===== Study material =====
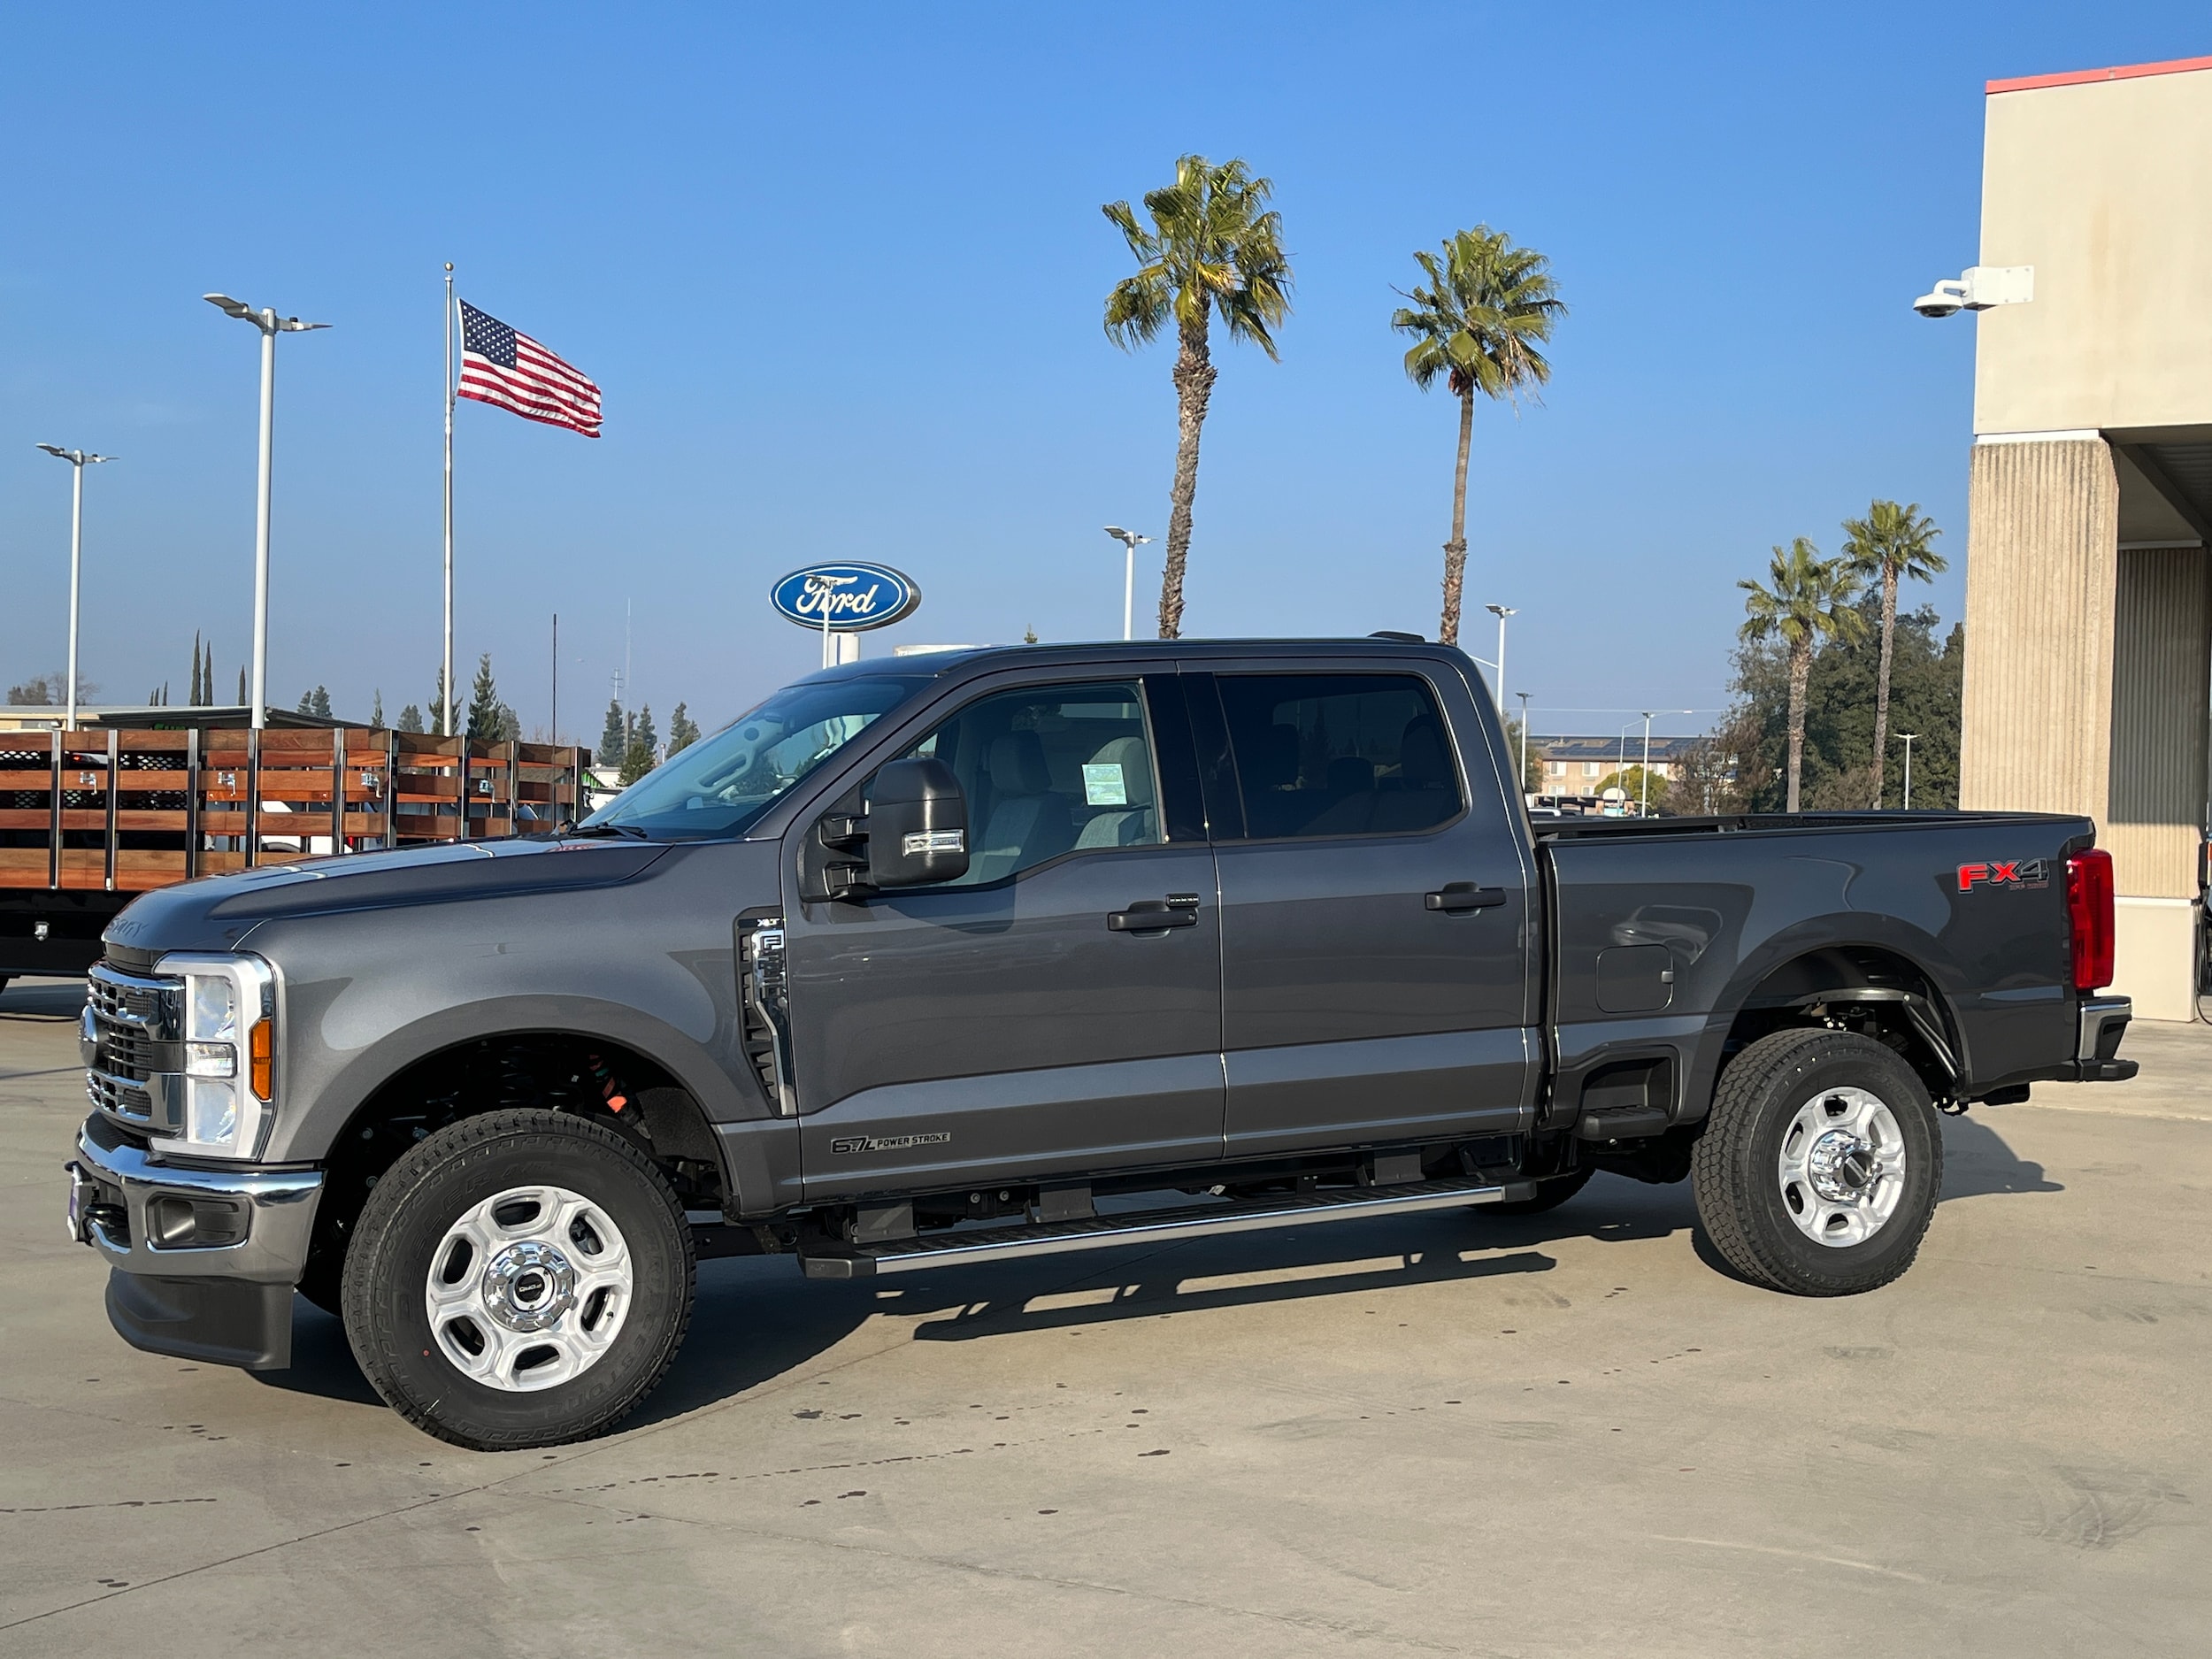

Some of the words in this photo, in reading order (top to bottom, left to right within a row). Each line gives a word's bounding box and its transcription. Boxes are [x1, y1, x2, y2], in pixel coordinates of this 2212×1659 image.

[796, 573, 879, 614] Ford
[1956, 857, 2049, 894] FX4
[877, 1136, 910, 1148] POWER
[911, 1133, 949, 1144] STROKE
=====
### Assignment
Wherever an image appears in the data, omit it and repeat everything else exactly.

### Answer box
Some of the words in this photo, in reading order (top to bottom, left to right within a row). Each line gives a word's bounding box and its transcription. Boxes are [x1, y1, x2, y2], in pixel coordinates of this 2212×1659 image.

[796, 573, 879, 614] Ford
[1956, 857, 2049, 894] FX4
[877, 1136, 910, 1148] POWER
[911, 1133, 949, 1144] STROKE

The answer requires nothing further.